In the case of MFT Group, the SEC explained that the loan agreements it executed in exchange for its client-investors’ investments were investment contracts, as all the elements of the Howey Test were present. First, there was actual investment of money ranging from P50,000 to P8 million; second, the monies collected were pooled to finance “sure projects” of its subsidiaries; which is the common enterprise that the respondents were operating to sustain their unauthorized investment scheme; third, their investors expected a return on their investment at the rate of 12 to 24 percent per annum, which respondents guaranteed; and fourth, the returns on investments were made possible primarily from the efforts of respondents.

It added that in the same manner, the loan agreements and checks executed and issued by respondents insofar as they were used to obtain funds from the public are securities in the form of evidence of indebtedness, considering that they clearly took on the attributes of traditional stocks.  But since these documents are not registered, the SEC said there was no way to protect the investing public.

The SEC filed a criminal complaint against MFT Group and Foundry Ventures for an unauthorized investment scheme and misrepresentations in the group’s financial statements.

The STAR reported a few days back that the SEC is awaiting Interpol’s issuance of the red notice requested for Tan, who is still at large.

In a resolution in May of last year, the Department of Justice indicted MFT Group, Foundry Ventures, and their respective officers, including Tan, for syndicated estafa and unauthorized solicitation of investments from the public.

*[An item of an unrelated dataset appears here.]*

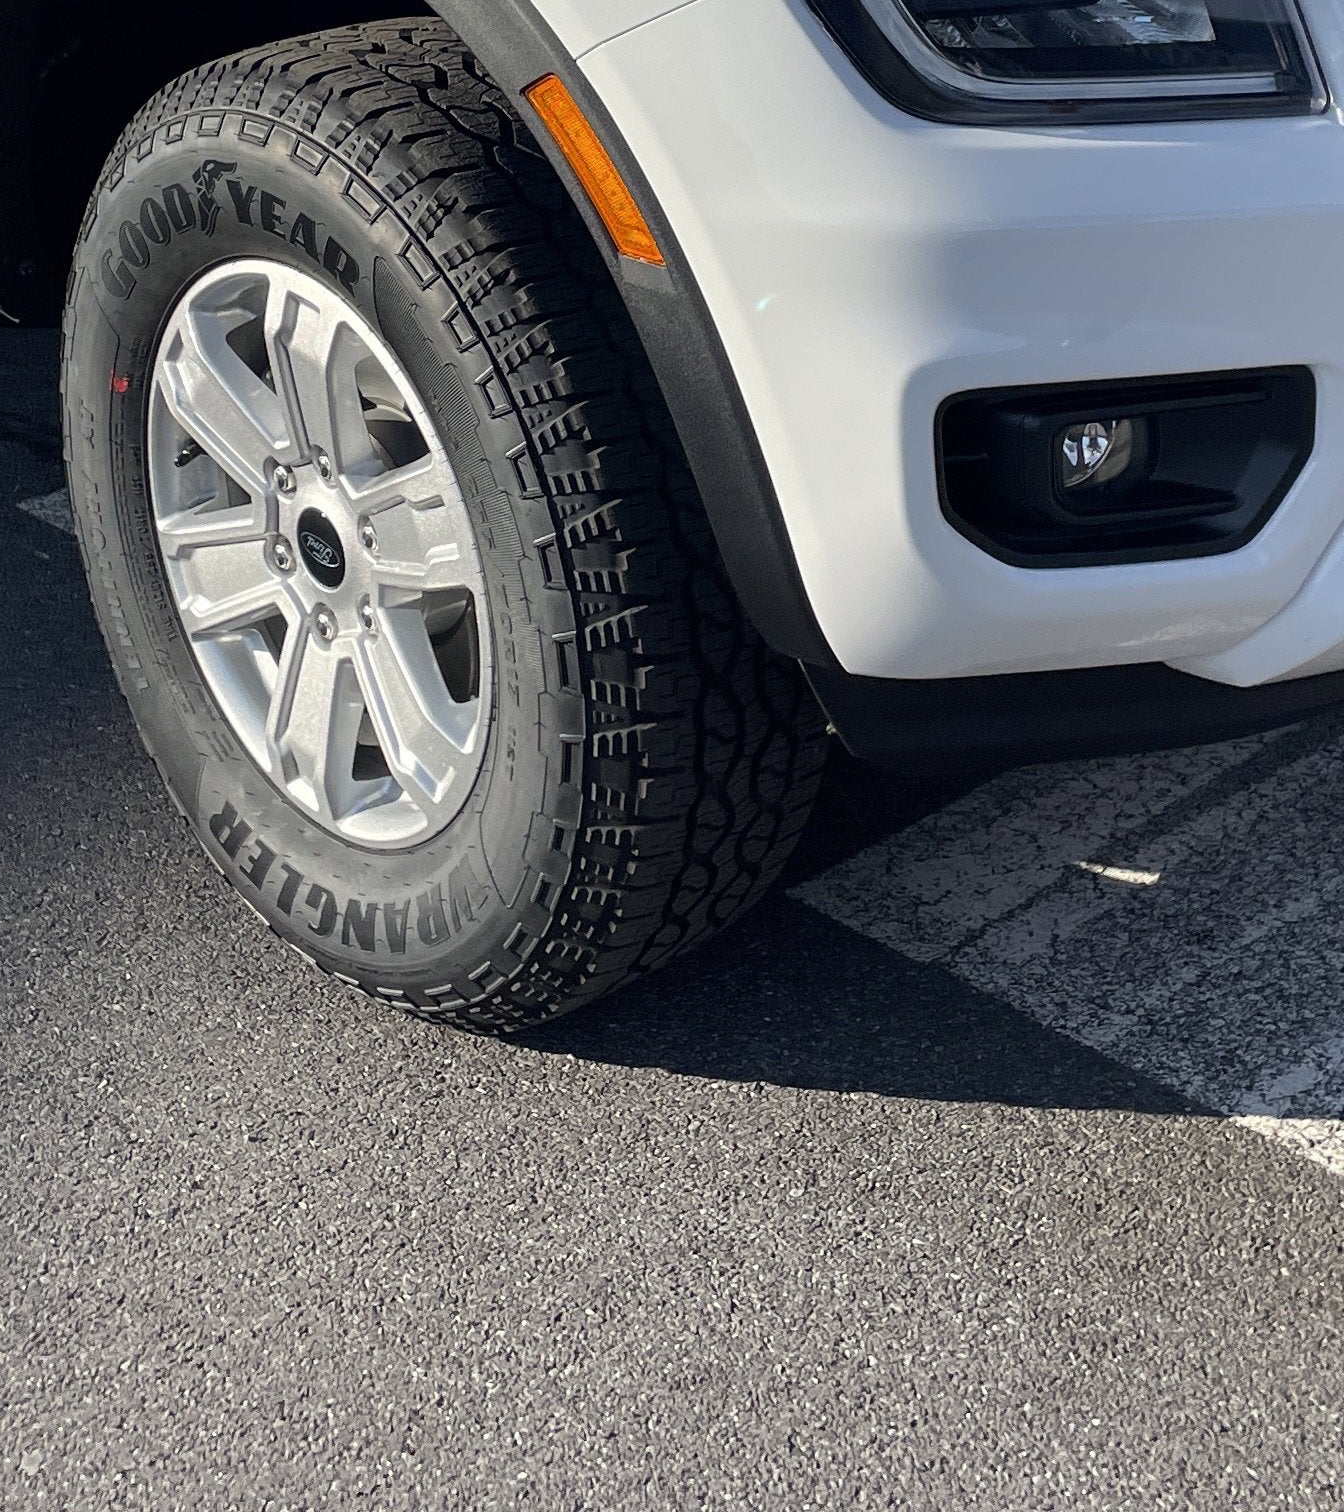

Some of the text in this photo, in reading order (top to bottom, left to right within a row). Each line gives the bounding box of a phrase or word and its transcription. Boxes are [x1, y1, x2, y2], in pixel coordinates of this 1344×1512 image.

[101, 179, 360, 301] GOODYEAR
[306, 536, 332, 563] Ford
[208, 799, 490, 955] WRANGLER

Meanwhile, the Court of Appeals has upheld the freeze orders on bank accounts and other funds linked to Tan and the MFT Group, citing probable cause of a Ponzi-like investment scheme. A Ponzi scheme is a fraudulent investment scam that generates returns for earlier investors by taking money from newer investors, creating the illusion that the investment is generating legitimate, profitable returns.

The court in 2024 issued the freeze order requested by the Anti-Money Laundering Council affecting 238 bank accounts, four securities accounts, and four insurance accounts tied to the MFT Group and its officials after the AMLC found probable cause that these assets are linked to unlawful activities.

Last March 18, the CA rejected Tan’s attempts to overturn the SEC’s cease-and-desist order, finding that the SEC’s authority to prevent the dissipation of assets related to its disgorgement power was upheld.

Tan, meanwhile, has told creditors that the group’s focus for 2026 is on structured interim solutions. The STAR reported recently that Tan warned creditors during an April meeting of the adverse consequences if she were to be detained, saying no one would be paid if that happened.

If someone promises guaranteed returns more than what traditional investment vehicles are able to pay, which is around three to five percent per annum, then that already raises a red flag by itself. Where are those extra returns going to come from, and how are they going to be generated? Victims of investment scams are not all wealthy people. There are those who invest their retirement funds into these get-rich-quick schemes because they were smooth-talked into it.

Again, if it sounds too good to be true, then it probably is.